Evlilik öncesinde alınmış mallar satılarak evlilik içindeyken yeni bir mal alındığında bu malda diğer eş hak sahibi olmaz. Evlilik öncesi alınmış olan malın değerine ekleme yapılmış ve yeni bir mal alınmış ise eklenen değer malda ne oranda artık değer oluşturdu ise onun yarısı üzerinden diğer eşin hak sahibi olduğu görülmektedir.
Üçüncü Kişilerden Alınan Maddi- Manevi Tazminat Boşanmada Mal Paylaşımı
Maddi tazminatlar edinilmiş maldır. Manevi tazminatlar ise kişisel mal olarak kabul edilir. Manevi tazminatların kişisel mal olması nedeni ile boşanmada mal paylaşımı sırasında dikkate alınmadığı görülmektedir. Maddi tazminatların edinilmiş mal olması sebebi ile de boşanma söz konusu olduğu takdirde bunun yarısı üzerinde diğer eşin hak sahibi olduğu görülür.

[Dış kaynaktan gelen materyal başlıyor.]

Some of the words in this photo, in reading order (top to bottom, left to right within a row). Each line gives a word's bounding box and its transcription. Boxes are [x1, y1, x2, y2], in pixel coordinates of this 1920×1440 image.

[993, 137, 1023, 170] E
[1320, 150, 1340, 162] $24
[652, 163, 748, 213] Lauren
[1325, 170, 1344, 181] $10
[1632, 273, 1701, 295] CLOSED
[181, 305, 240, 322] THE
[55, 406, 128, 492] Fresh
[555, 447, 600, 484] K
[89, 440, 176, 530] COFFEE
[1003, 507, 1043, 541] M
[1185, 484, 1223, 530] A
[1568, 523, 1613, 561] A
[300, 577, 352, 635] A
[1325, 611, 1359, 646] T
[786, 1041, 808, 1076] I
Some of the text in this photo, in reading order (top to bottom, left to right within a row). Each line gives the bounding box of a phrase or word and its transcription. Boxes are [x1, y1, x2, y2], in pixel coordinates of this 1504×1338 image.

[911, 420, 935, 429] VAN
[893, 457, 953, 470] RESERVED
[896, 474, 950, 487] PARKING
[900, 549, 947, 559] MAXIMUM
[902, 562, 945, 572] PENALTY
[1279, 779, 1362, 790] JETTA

Evlilik Öncesinde Kredi ile Alınan Malların Paylaşımı
Evlilikten önce alınan ve kredi kullanmak sureti ile ödenen malların boşanma sırasında paylaşımı yapılırken bu malların kredisi evlilik içinde ödenmiş ise mal paylaşımına dahil edilir. Evlenmeden önce satın alınan mallar kişisel mal olarak kabul edilir fakat kredi ödemeleri evlilik sürerken yapılmış ise boşanmada mal paylaşımına dahil edilmesi gerekmektedir. Bu durumda da belirli bir hesaplama yöntemi kullanılır.

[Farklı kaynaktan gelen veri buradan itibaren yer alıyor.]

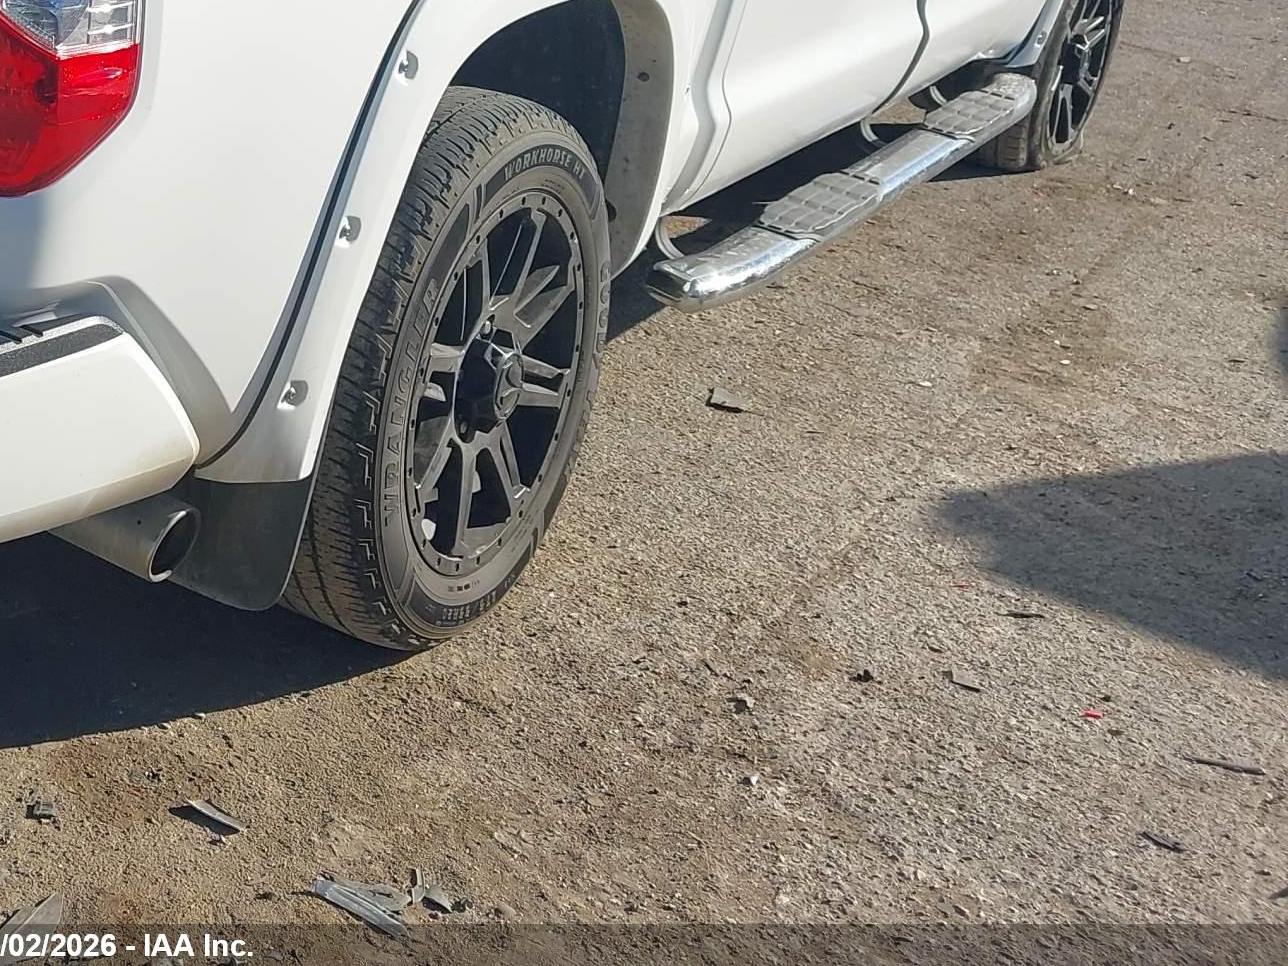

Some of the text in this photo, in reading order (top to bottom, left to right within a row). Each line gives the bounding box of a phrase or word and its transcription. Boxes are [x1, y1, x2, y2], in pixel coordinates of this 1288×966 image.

[504, 147, 589, 181] WORKHORSE HT
[383, 278, 441, 528] WRANGLER
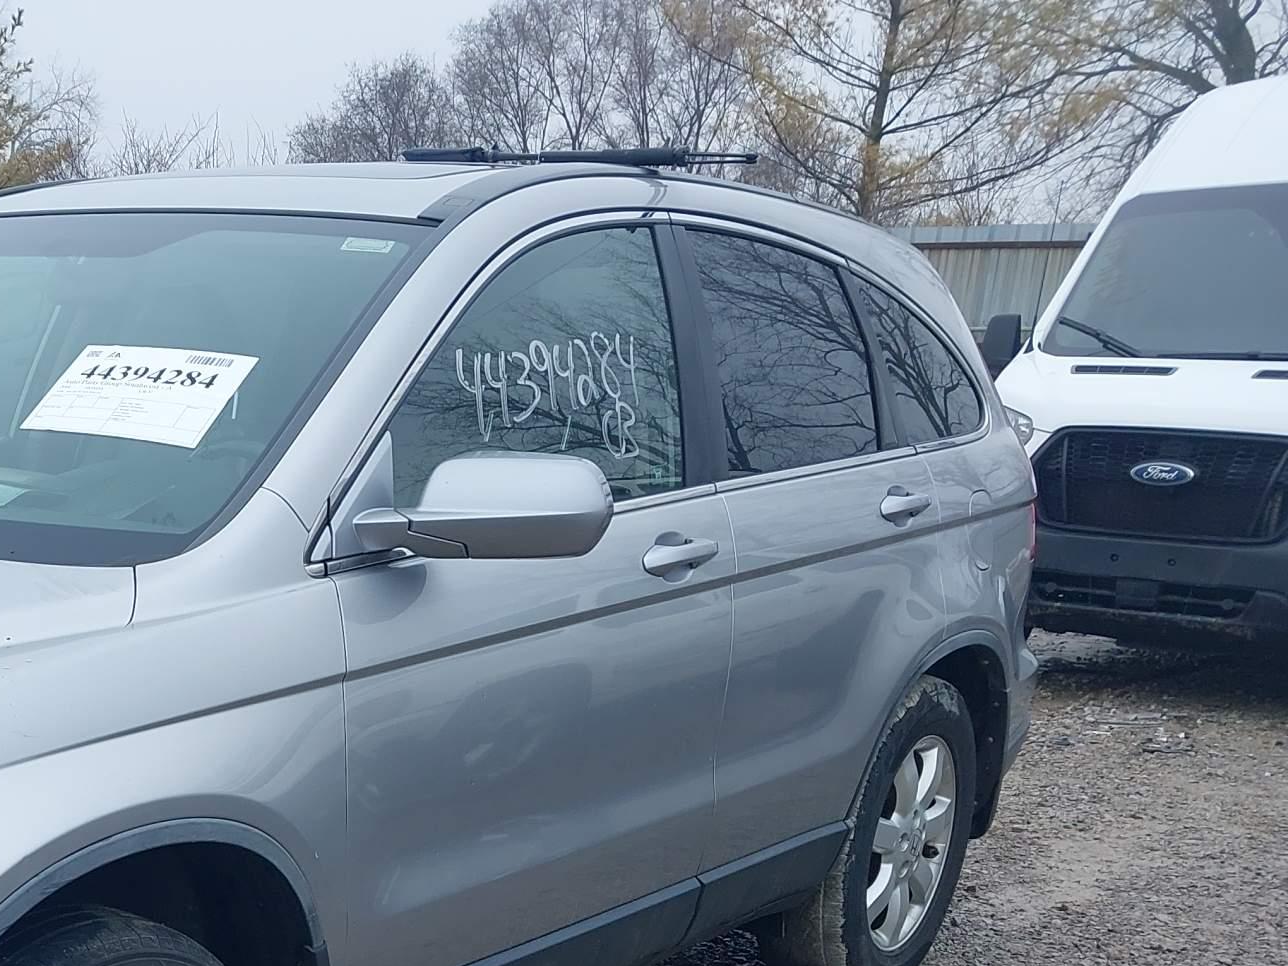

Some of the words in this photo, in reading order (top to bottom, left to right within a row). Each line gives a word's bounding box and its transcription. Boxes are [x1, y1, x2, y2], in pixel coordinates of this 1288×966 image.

[81, 364, 221, 389] 44394284
[455, 331, 639, 437] 44394284
[1143, 465, 1179, 480] Ford

Evlilik sürerken ödenen kredinin hangi eş tarafından ödendiğinin önemi bulunmaz. Kredi ile ödenen kısım edinilmiş mal statüsünde değerlendirildiğinden evlilik içinde ödenmiş kredi borcunun edinilmiş mal olduğu görülmektedir.
Hesaplama yapılırken ise evlilik birliği sürerken ödenen kredi bedelinin malın satın alındığı alış fiyatına oranı dikkate alınır. Hesaplama sırasında malın değeri için bilirkişi tespit yapar. O günkü piyasa değeri üzerinden yapılan tespit ile öncesinde hesaplanmış oran sayesinde de eşin katılma alacağının hesaplanması söz konusu olur.

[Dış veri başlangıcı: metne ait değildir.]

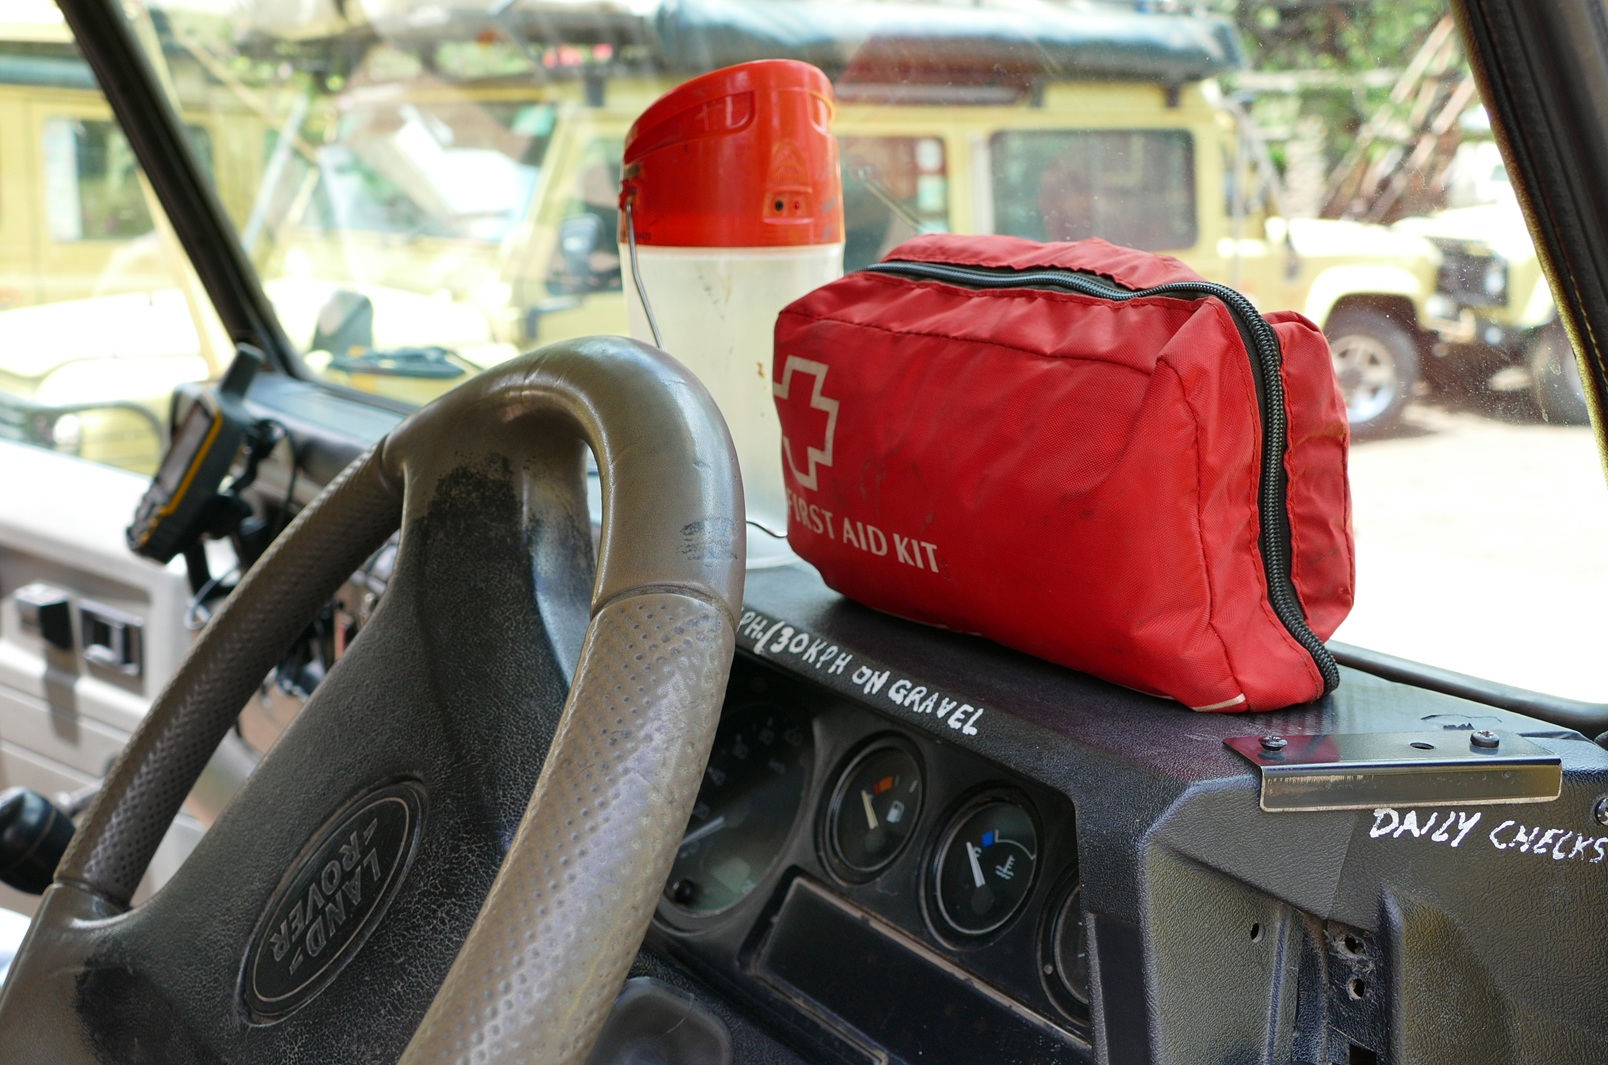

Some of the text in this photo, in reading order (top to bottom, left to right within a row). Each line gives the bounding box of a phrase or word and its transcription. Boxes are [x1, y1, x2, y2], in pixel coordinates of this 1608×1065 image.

[787, 488, 940, 573] FIRST AID KIT
[852, 665, 891, 694] ON
[888, 679, 984, 736] GRAVEL
[1369, 808, 1608, 863] DAILY CHECKS
[269, 830, 361, 962] ROVER
[305, 848, 382, 958] LAND

Evliyken Alınmış Olan Ev ve Mal Paylaşımı
Evliyken alınmış ev edinilmiş mal statüsündedir. Kişisel mallardan elde edilmiş gelirlerden alınmış bir ev ise kişisel mal sayılmaktadır. Evlilik birliği içinde alınan ev eşlerden birine miras kalan para ile alınmış ise kişisel mal olarak kabul edilir. Düğünde takılan takılardan alınmış ise bu ev yine kişisel mal statüsünde değerlendirileceğinden boşanmada mal paylaşımına tabi olmamaktadır.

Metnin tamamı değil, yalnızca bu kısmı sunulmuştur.